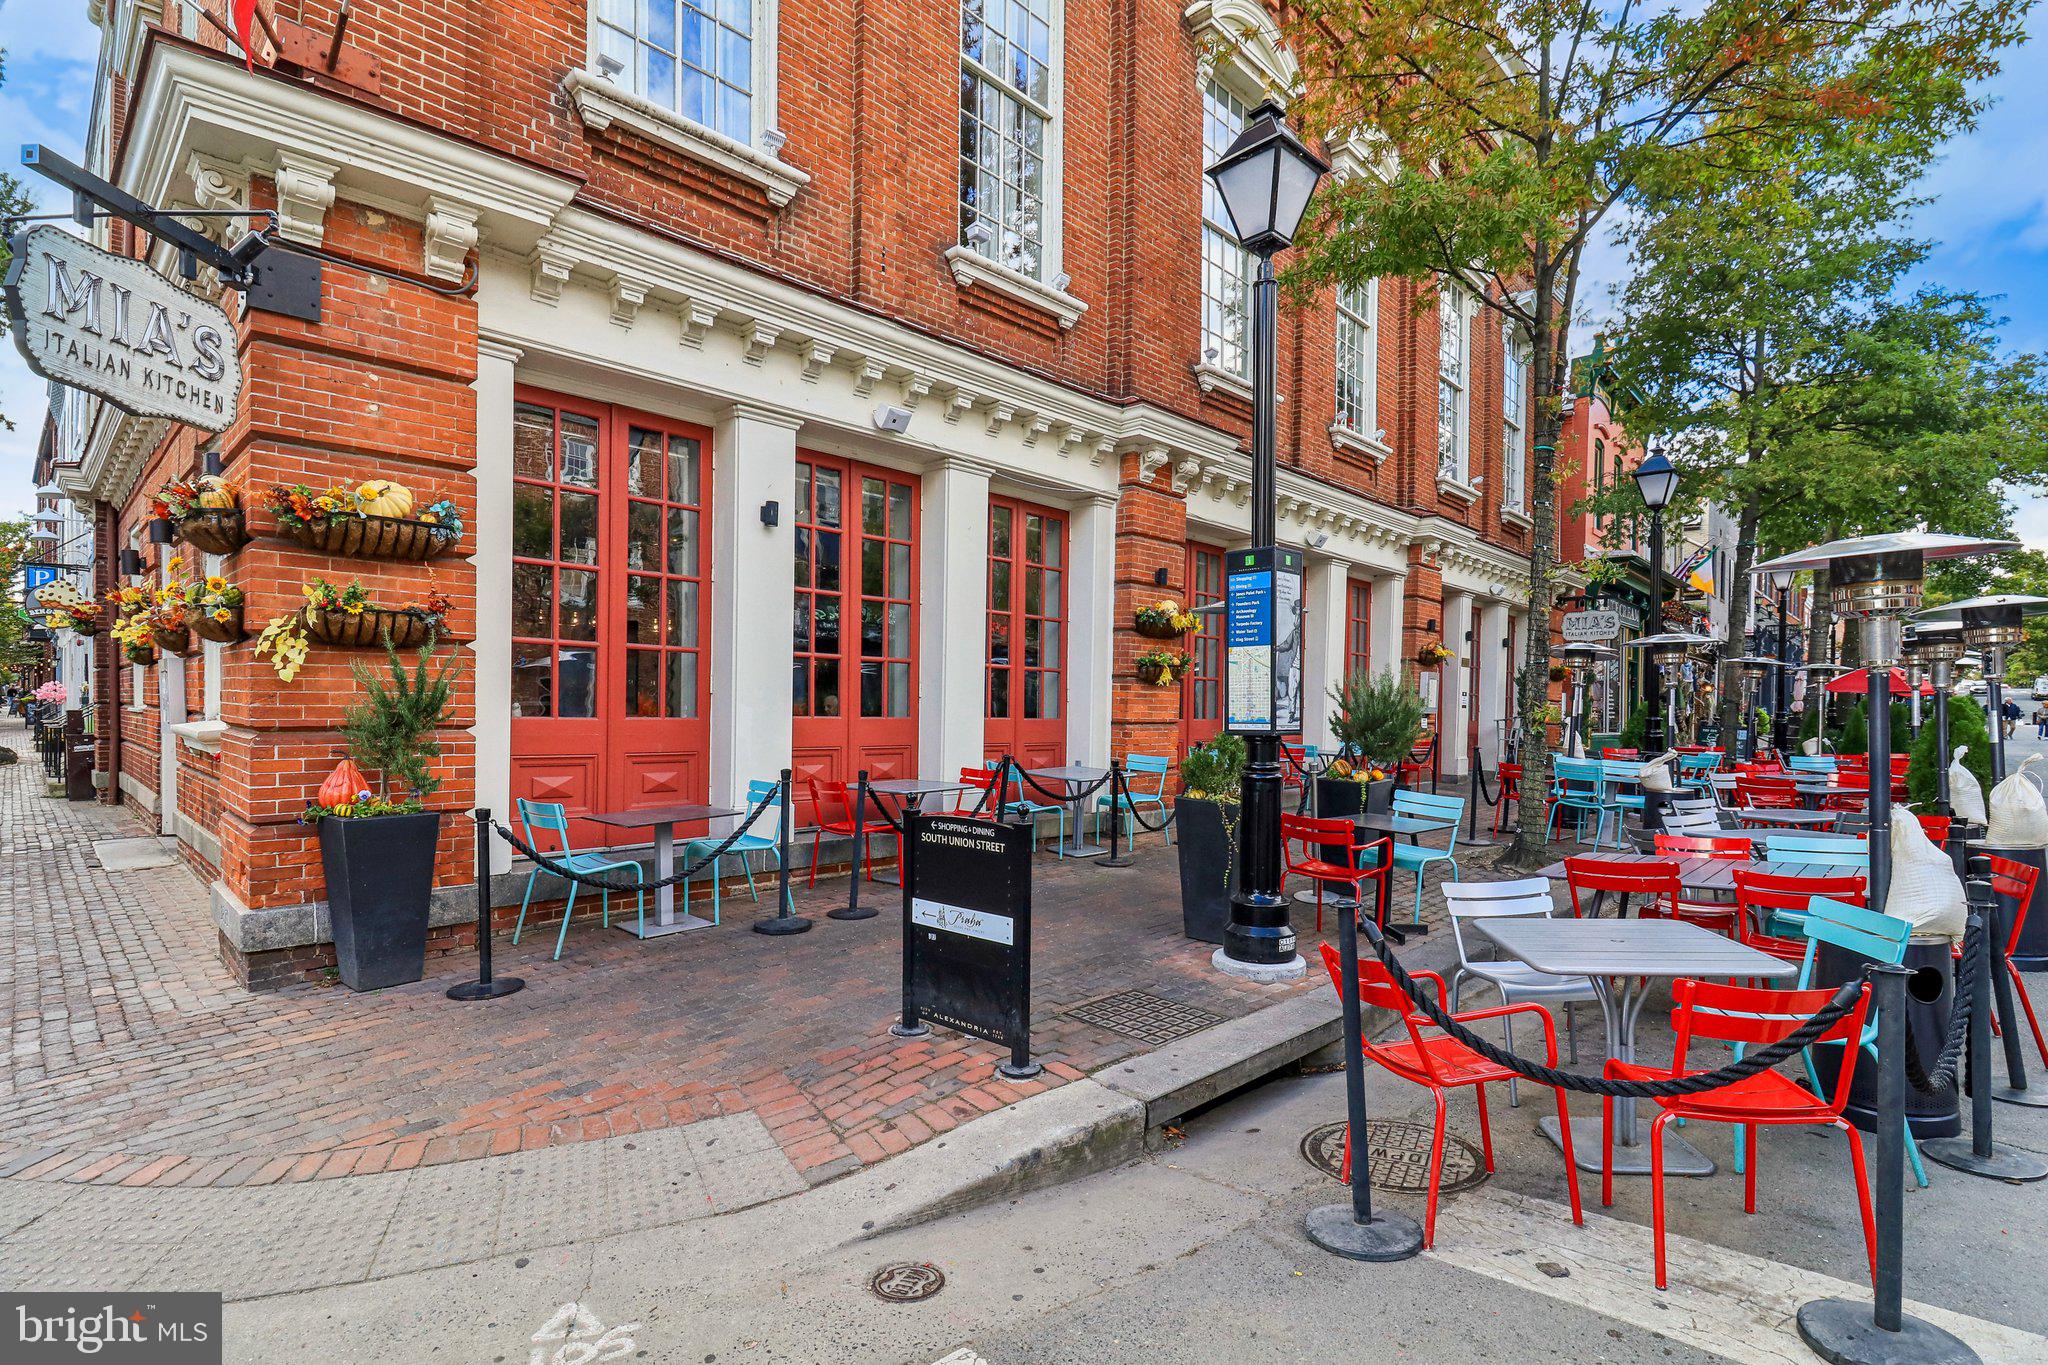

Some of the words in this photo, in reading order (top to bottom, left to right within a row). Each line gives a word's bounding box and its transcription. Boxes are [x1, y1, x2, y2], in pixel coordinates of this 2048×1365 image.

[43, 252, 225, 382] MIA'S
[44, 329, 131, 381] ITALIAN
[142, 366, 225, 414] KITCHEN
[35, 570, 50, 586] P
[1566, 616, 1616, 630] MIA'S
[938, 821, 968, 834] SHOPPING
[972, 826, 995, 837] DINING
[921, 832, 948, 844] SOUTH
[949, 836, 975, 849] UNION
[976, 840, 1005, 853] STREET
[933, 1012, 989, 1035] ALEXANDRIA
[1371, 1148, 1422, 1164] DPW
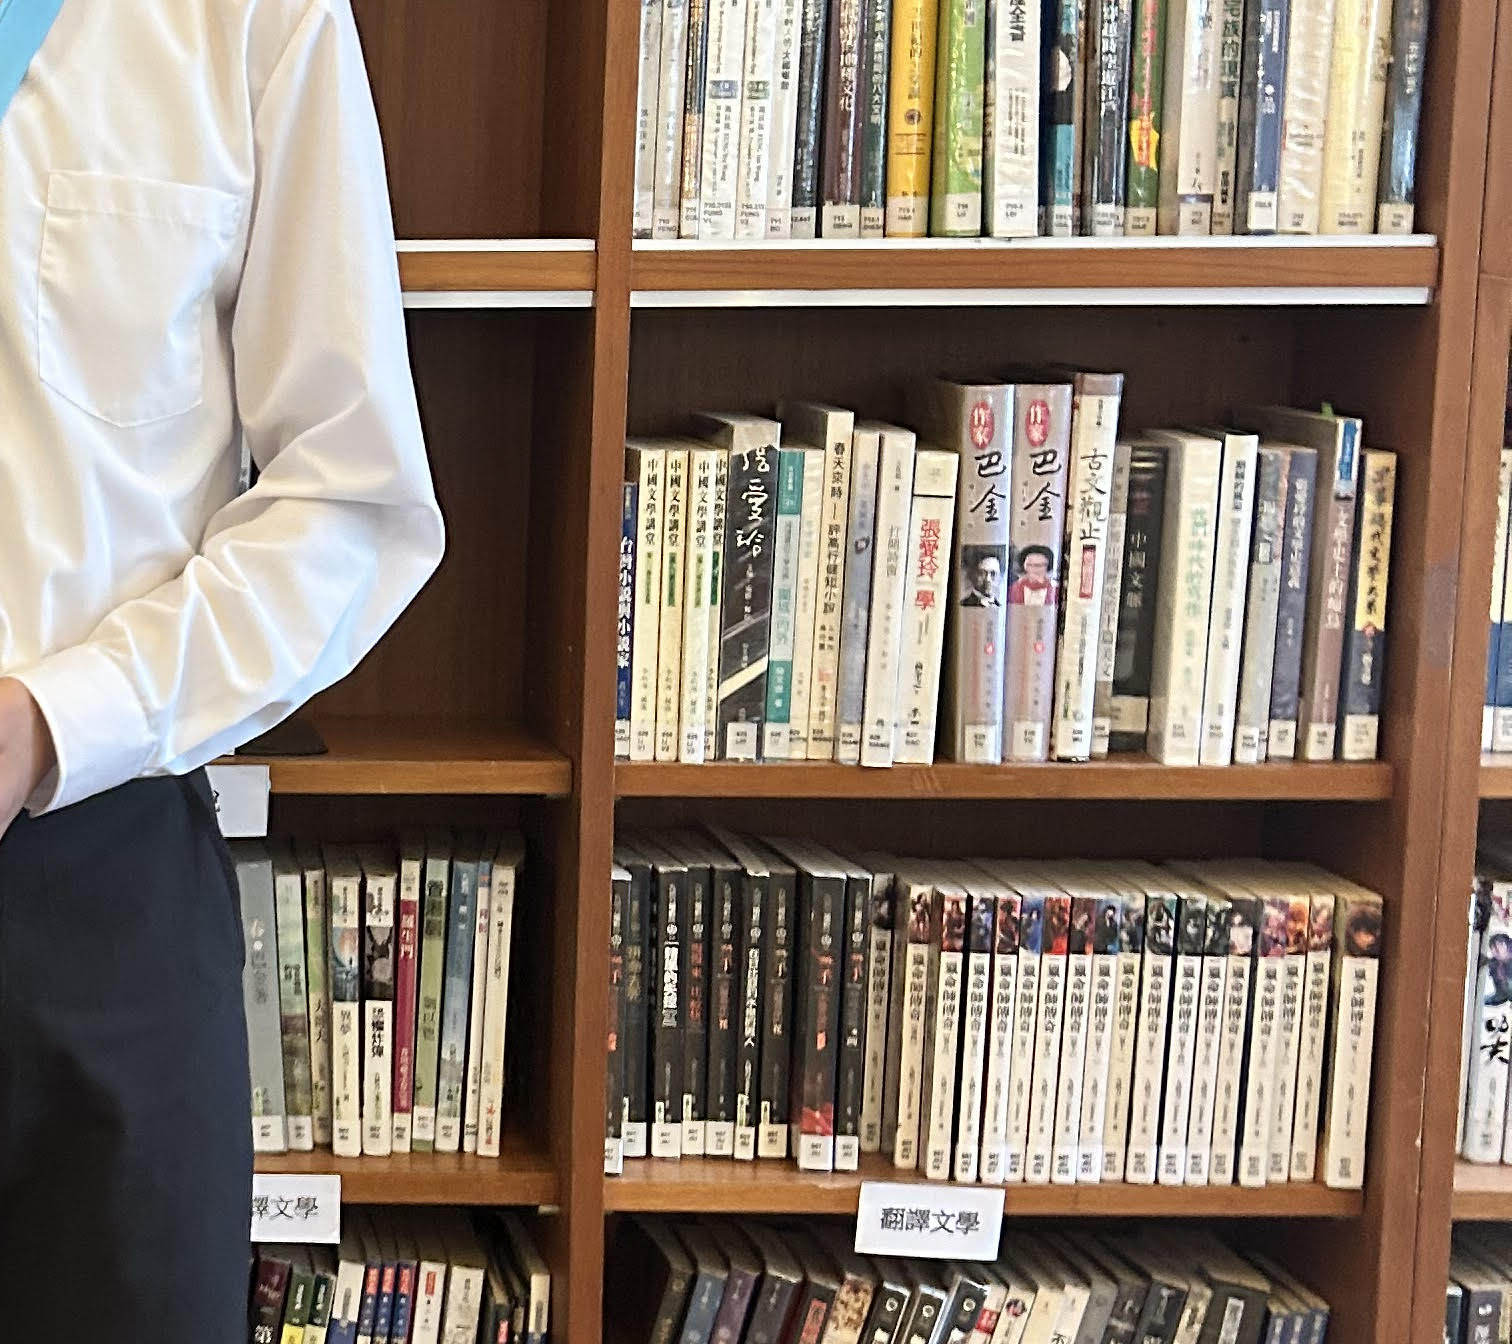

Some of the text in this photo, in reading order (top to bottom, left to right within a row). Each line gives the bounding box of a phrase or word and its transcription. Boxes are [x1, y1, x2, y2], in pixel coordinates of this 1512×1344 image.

_Task_. Write out each entry exactly; any pictures stay out of the copy.

_Result_.
Some of the words in this photo, in reading order (top to bottom, left to right within a row). Each line gives a word's bounding box and its transcription. Boxes are [x1, y1, x2, y2], in pixel coordinates of this 2048×1365 image.

[43, 252, 225, 382] MIA'S
[44, 329, 131, 381] ITALIAN
[142, 366, 225, 414] KITCHEN
[35, 570, 50, 586] P
[1566, 616, 1616, 630] MIA'S
[938, 821, 968, 834] SHOPPING
[972, 826, 995, 837] DINING
[921, 832, 948, 844] SOUTH
[949, 836, 975, 849] UNION
[976, 840, 1005, 853] STREET
[933, 1012, 989, 1035] ALEXANDRIA
[1371, 1148, 1422, 1164] DPW

Some of the text in this photo, in reading order (top to bottom, left to right within a row). Each line gives the bounding box of a phrase or word and its transcription. Boxes are [x1, y1, x2, y2], in pixel coordinates of this 1512×1344 image.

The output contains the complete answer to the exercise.